━━ PROVIDED DATA

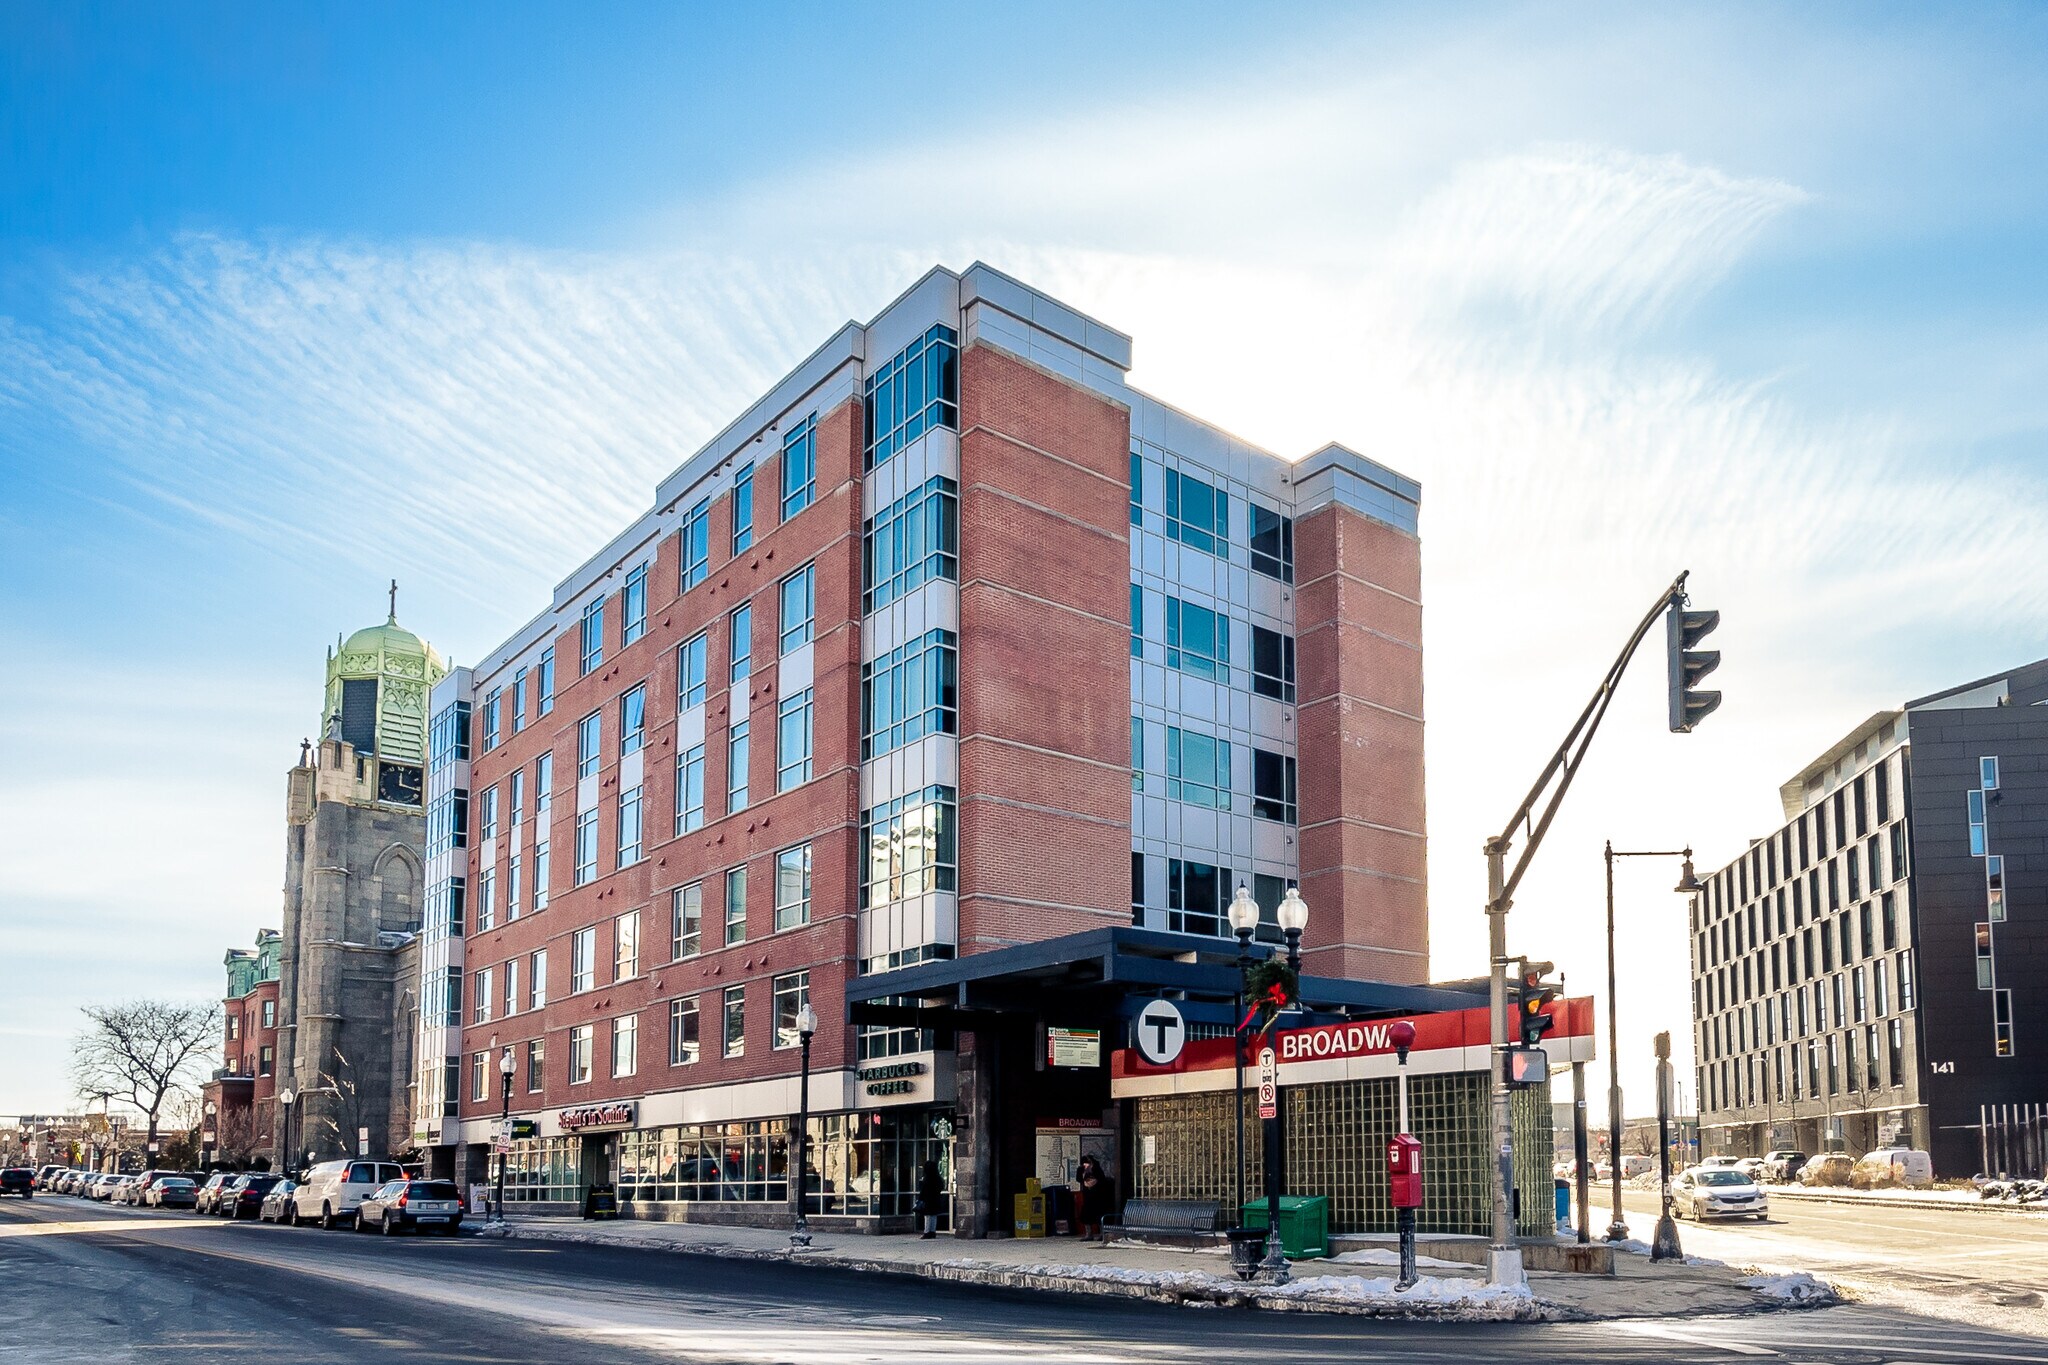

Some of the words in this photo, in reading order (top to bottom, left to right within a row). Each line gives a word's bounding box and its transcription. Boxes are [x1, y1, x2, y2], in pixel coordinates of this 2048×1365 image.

[1144, 1014, 1178, 1055] T
[1282, 1021, 1415, 1058] BROADW
[1263, 1054, 1271, 1065] T
[1930, 1061, 1955, 1074] 141
[855, 1062, 920, 1081] STARBUCKS
[866, 1081, 909, 1096] COFFEE
[598, 1106, 629, 1125] Southie
[1059, 1118, 1101, 1127] BROADWAY
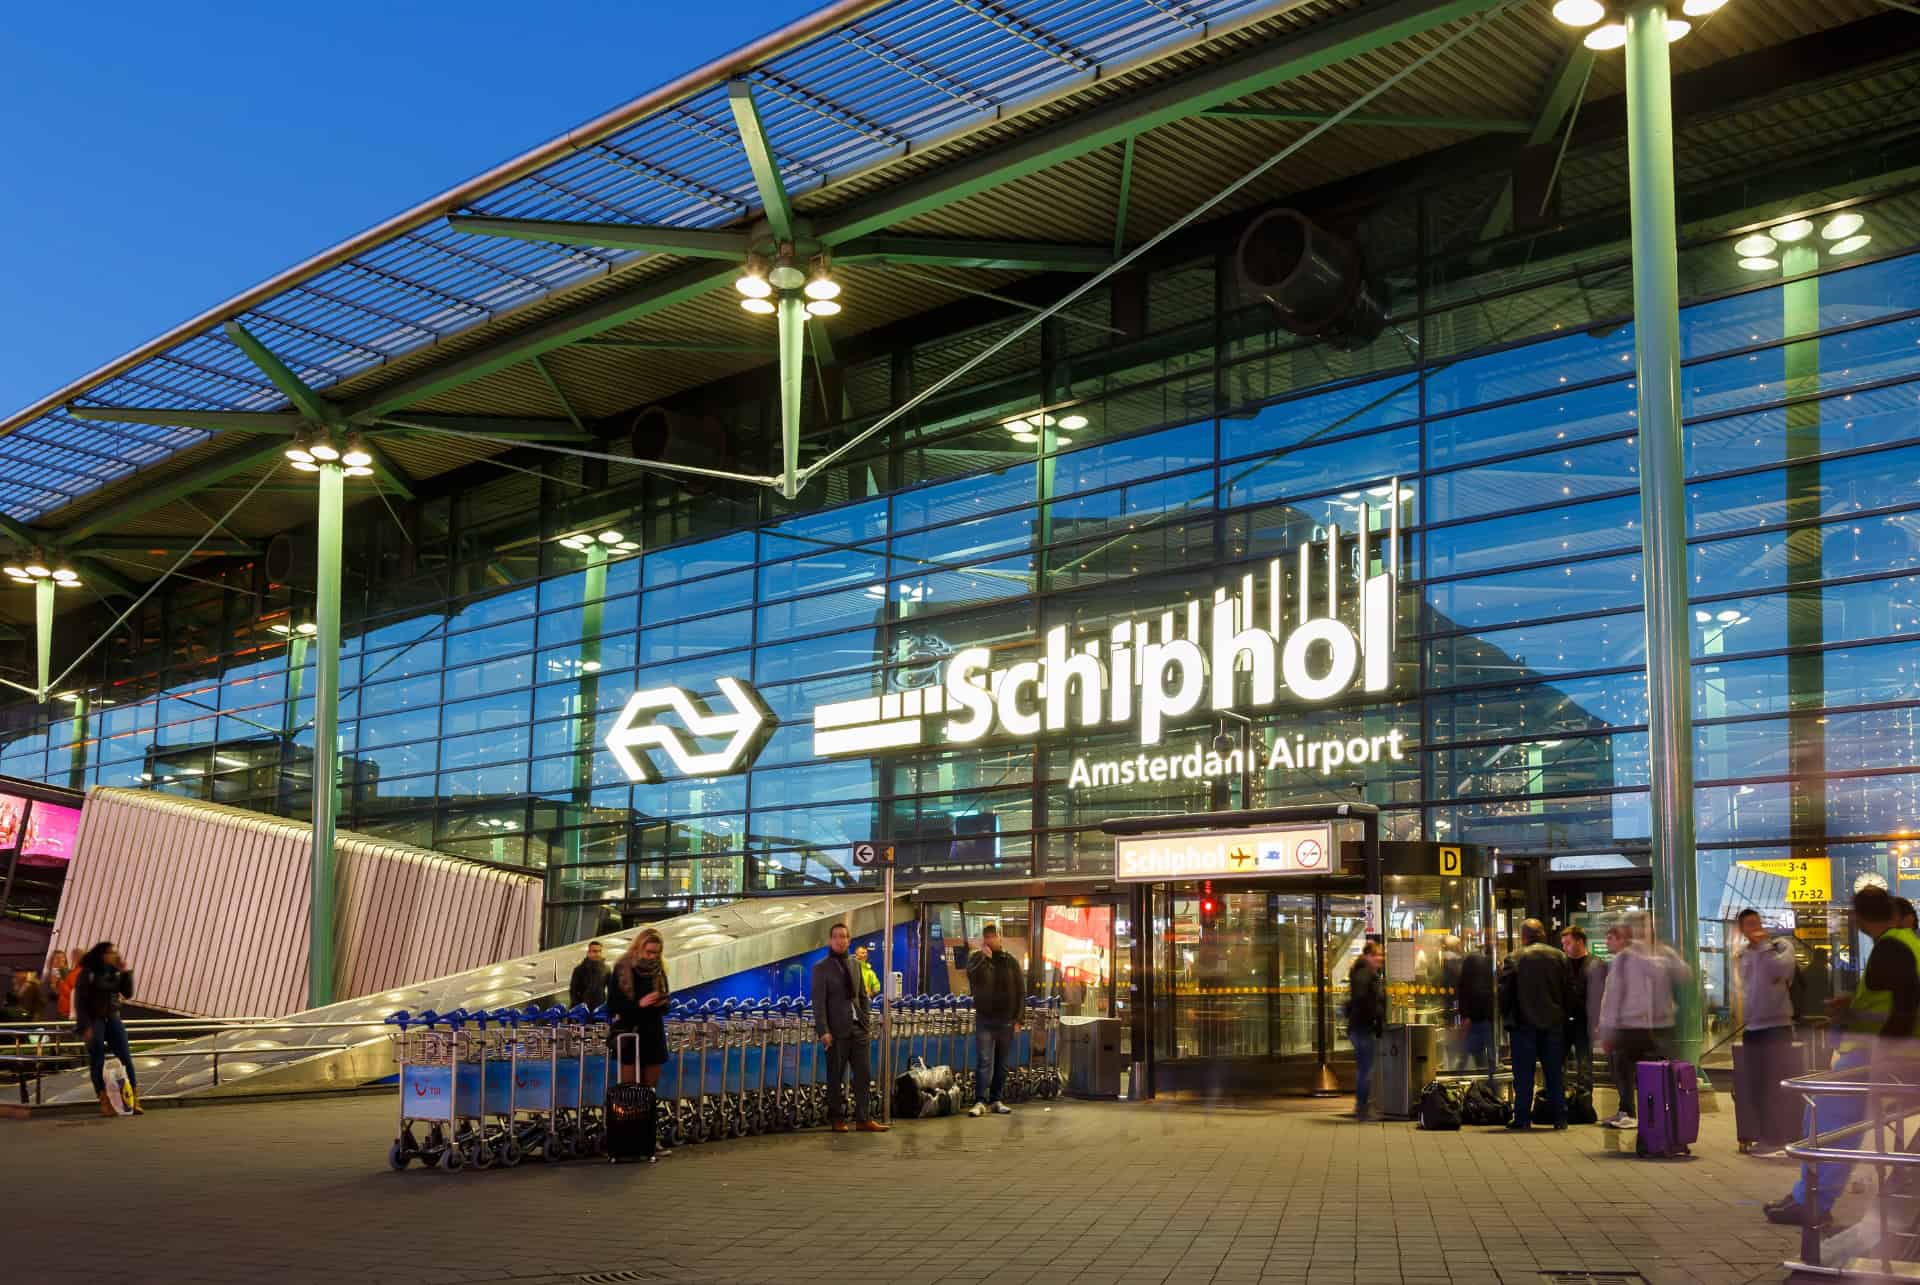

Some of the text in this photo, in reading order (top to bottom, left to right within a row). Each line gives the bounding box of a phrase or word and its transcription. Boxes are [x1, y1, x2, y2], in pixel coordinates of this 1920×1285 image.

[945, 571, 1392, 745] Schiphol
[1068, 729, 1404, 789] Amsterdam Airport
[1124, 843, 1225, 876] Schiphol
[1444, 851, 1457, 871] D
[1791, 890, 1824, 900] 17-32

━━━━

◆ EXERCISE PROMPT ◆
Would you copy exactly the lines from the one that contains "Some of the text" through the final line of the records above, including both?

◆ TASK SOLUTION ◆
Some of the text in this photo, in reading order (top to bottom, left to right within a row). Each line gives the bounding box of a phrase or word and its transcription. Boxes are [x1, y1, x2, y2], in pixel coordinates of this 1920×1285 image.

[945, 571, 1392, 745] Schiphol
[1068, 729, 1404, 789] Amsterdam Airport
[1124, 843, 1225, 876] Schiphol
[1444, 851, 1457, 871] D
[1791, 890, 1824, 900] 17-32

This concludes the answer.